And when John – who was certainly with Peter that day before the council – is exiled to Patmos by command of Imperial Rome, he greets the seven churches with a Bright Week doxology and blessing:

Grace to you and peace from Him who is and who was and who is to come, and from the seven Spirits who are before His throne, 5 and from Jesus Christ, the faithful witness, the firstborn from the dead, and the ruler over the kings of the earth. To Him who loved us and washed us from our sins in His own blood, 6 and has made us kings and priests to His God and Father, to Him be glory and dominion forever and ever. Amen (Rev 1:4b-6, NKJV).

Peter and John see the new reality that the world cannot see – new creation and Jesus enthroned – because they have seen the resurrection. Peter and John live in Bright Week because they live in the reality of the resurrection.

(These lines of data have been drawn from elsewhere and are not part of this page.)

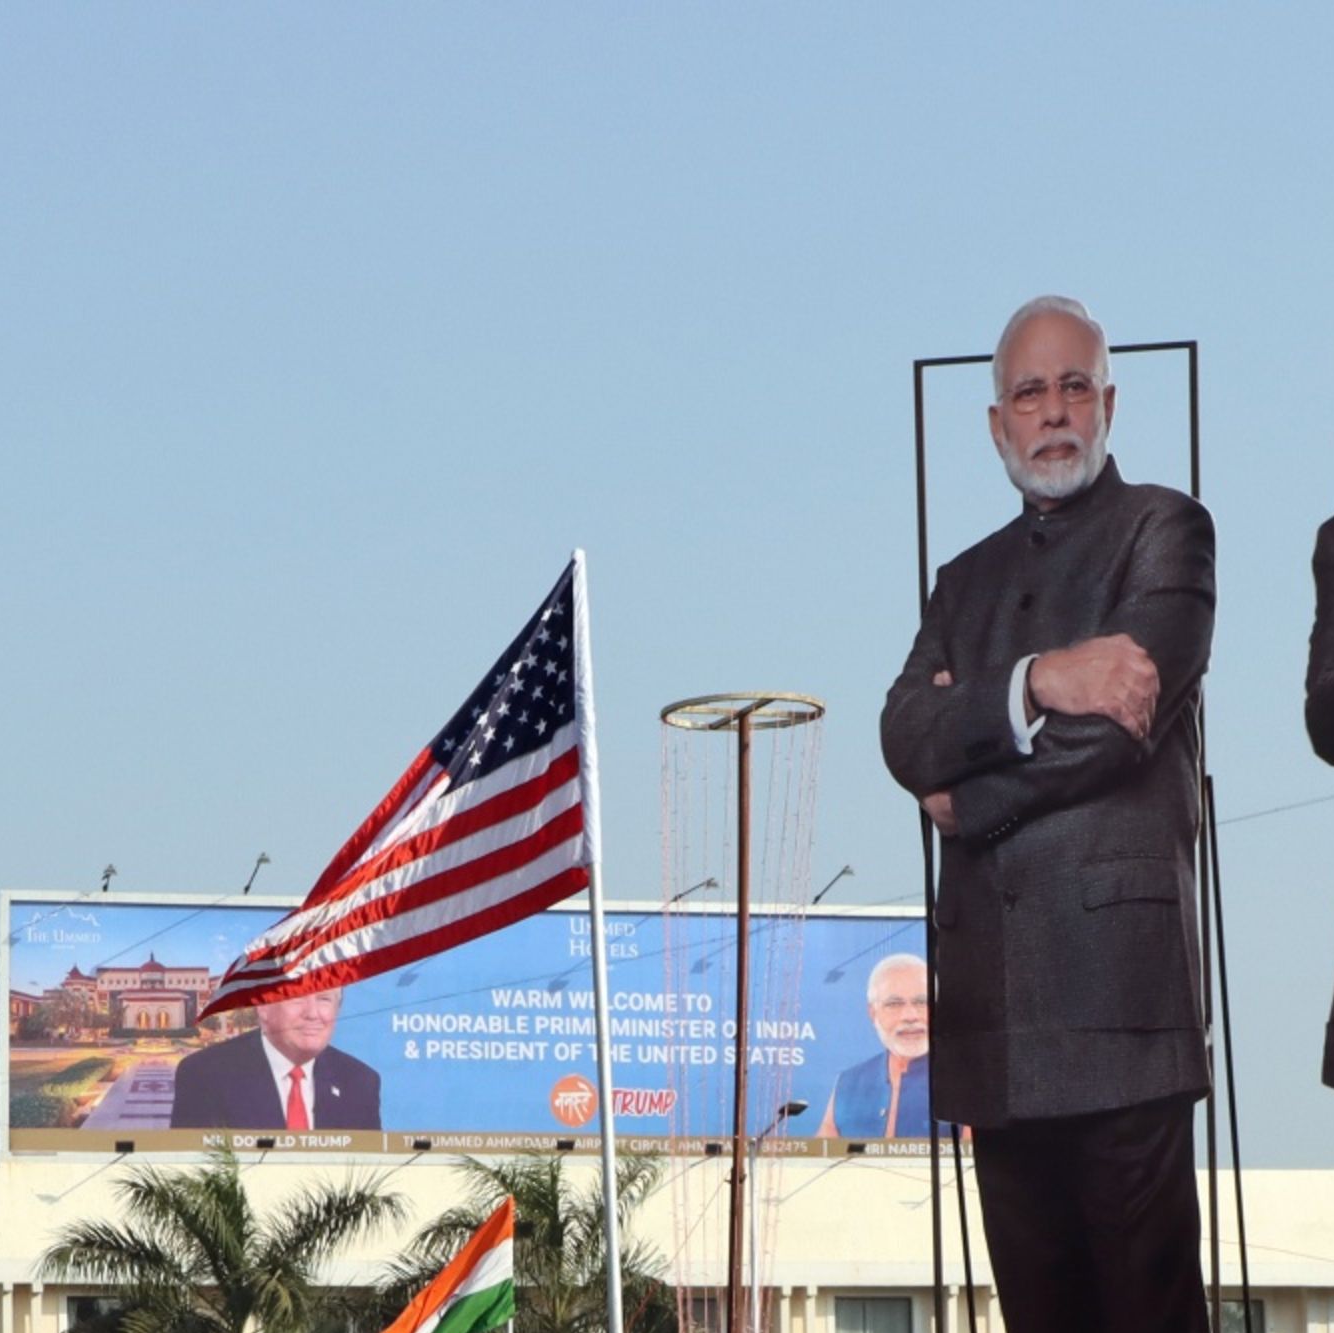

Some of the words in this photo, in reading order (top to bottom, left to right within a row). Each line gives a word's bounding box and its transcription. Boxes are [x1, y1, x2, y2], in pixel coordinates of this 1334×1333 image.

[491, 989, 562, 1009] WARM
[683, 994, 712, 1012] TO
[392, 1013, 529, 1034] HONORABLE
[611, 1018, 716, 1039] MINISTER
[756, 1021, 816, 1041] INDIA
[405, 1040, 420, 1060] &
[426, 1040, 549, 1061] PRESIDENT
[554, 1042, 582, 1061] OF
[638, 1044, 717, 1065] UNITED
[299, 1135, 352, 1148] TRUMP

Bright Week comes to a close – liturgically – today, on Thomas Sunday. The Royal Doors are closed, the Paschal Hours are no longer chanted daily, and the weekly fast days return. This liturgical practice presents a twist on history. For seven days the apostles, and other disciples as well, had lived in their own Bright Week; they had seen their resurrected Lord on Pascha. But not Thomas: Thomas still lived in the darkness of the crucifixion, in the gloom of a reality in which corrupt powers dominate and old creation winds down toward corruption and non-being. The others had told him of the resurrection; they had tried to usher him into Bright Week, but to no avail.

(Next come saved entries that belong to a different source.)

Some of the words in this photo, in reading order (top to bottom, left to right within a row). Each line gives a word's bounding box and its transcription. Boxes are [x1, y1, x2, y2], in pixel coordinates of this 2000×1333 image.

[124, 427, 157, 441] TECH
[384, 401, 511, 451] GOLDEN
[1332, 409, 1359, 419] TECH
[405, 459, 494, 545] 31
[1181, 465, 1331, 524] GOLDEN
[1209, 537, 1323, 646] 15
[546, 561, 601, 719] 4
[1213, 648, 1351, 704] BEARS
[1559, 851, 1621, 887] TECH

25 The other disciples therefore said to him, “We have seen the Lord.” So he said to them, “Unless I see in His hands the print of the nails, and put my finger into the print of the nails, and put my hand into His side, I will not believe” (John 20:25, NKJV).
So Thomas, at least for the moment, shuts the doors on Bright Week. But, bidden or unbidden, doors open or shut, the resurrected Jesus has a way of breaking through.

26 And after eight days His disciples were again inside, and Thomas with them. Jesus came, the doors being shut, and stood in the midst, and said, “Peace to you!” 27 Then He said to Thomas, “Reach your finger here, and look at My hands; and reach your hand here, and put it into My side. Do not be unbelieving, but believing.”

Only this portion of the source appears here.